==== Records to use ====

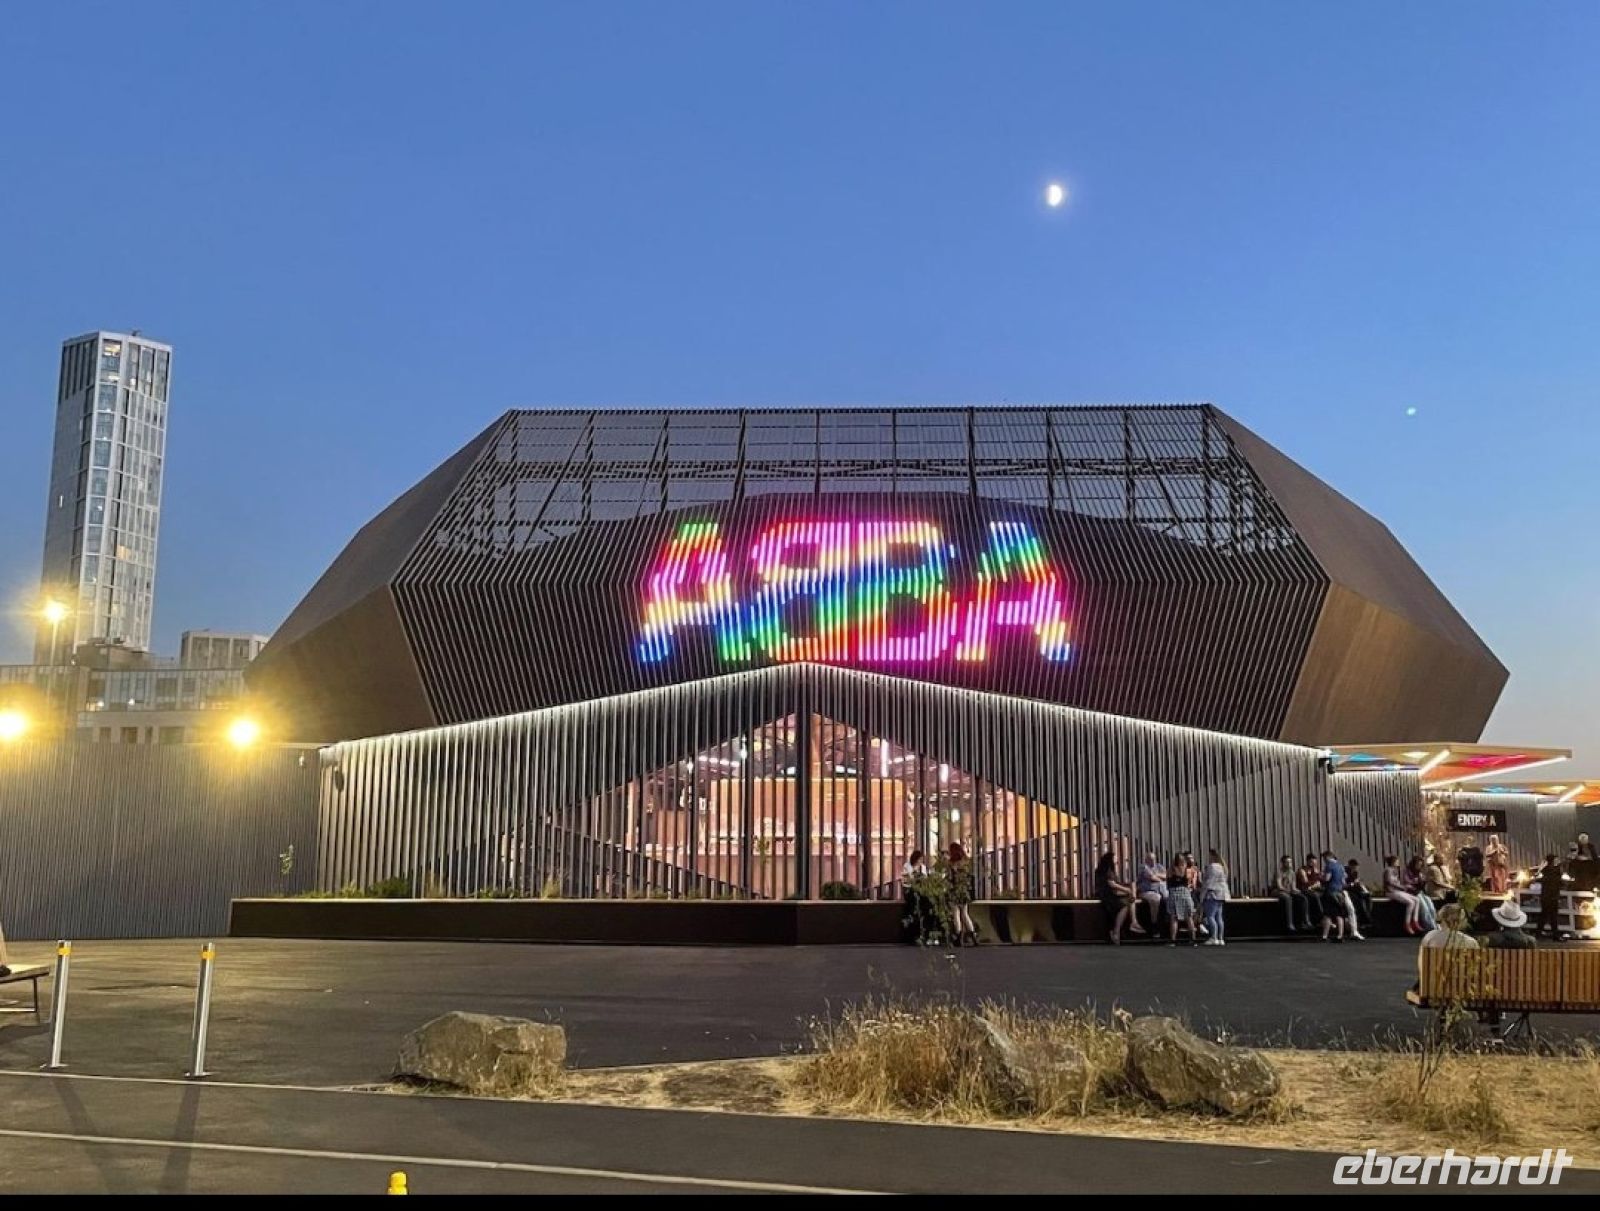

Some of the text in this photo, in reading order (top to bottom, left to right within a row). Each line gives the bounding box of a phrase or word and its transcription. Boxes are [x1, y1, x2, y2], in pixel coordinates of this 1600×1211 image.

[640, 521, 1071, 662] ABBA
[1457, 813, 1497, 827] ENTRY A
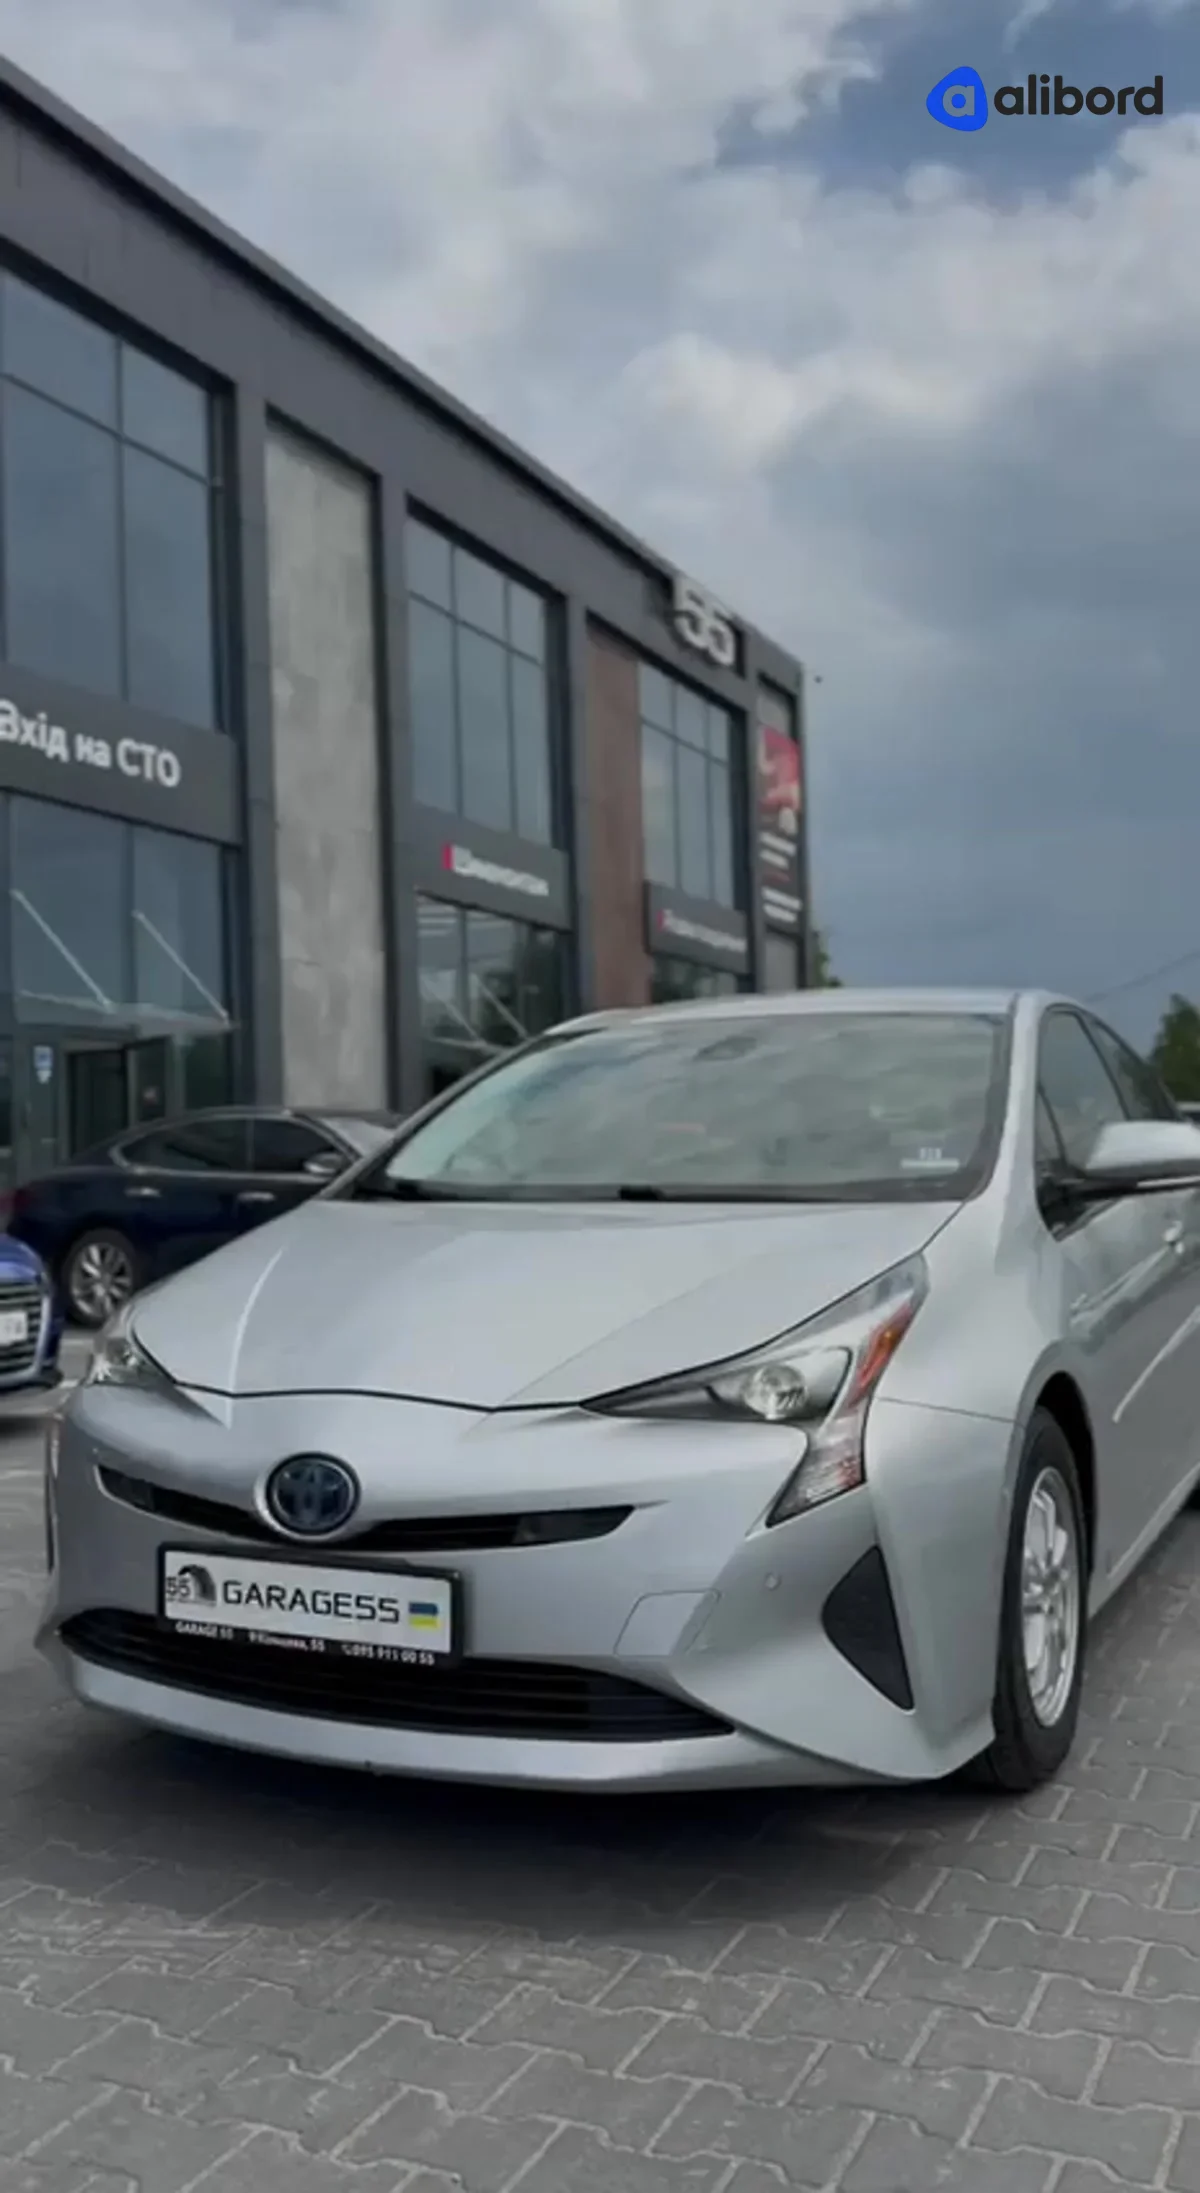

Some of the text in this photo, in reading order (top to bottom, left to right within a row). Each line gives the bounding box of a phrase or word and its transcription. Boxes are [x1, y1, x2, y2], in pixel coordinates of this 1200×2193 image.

[673, 578, 735, 667] 55
[75, 732, 112, 769] на
[117, 738, 182, 788] СТО
[175, 1621, 217, 1638] GARAGE

====

> What the task requires: Output the records exactly. Drop the images.

> Exercise solution:
Some of the text in this photo, in reading order (top to bottom, left to right within a row). Each line gives the bounding box of a phrase or word and its transcription. Boxes are [x1, y1, x2, y2], in pixel coordinates of this 1600×1211 image.

[640, 521, 1071, 662] ABBA
[1457, 813, 1497, 827] ENTRY A

Some of the text in this photo, in reading order (top to bottom, left to right within a row). Each line gives the bounding box of a phrase or word and its transcription. Boxes are [x1, y1, x2, y2], in pixel coordinates of this 1200×2193 image.

[673, 578, 735, 667] 55
[75, 732, 112, 769] на
[117, 738, 182, 788] СТО
[175, 1621, 217, 1638] GARAGE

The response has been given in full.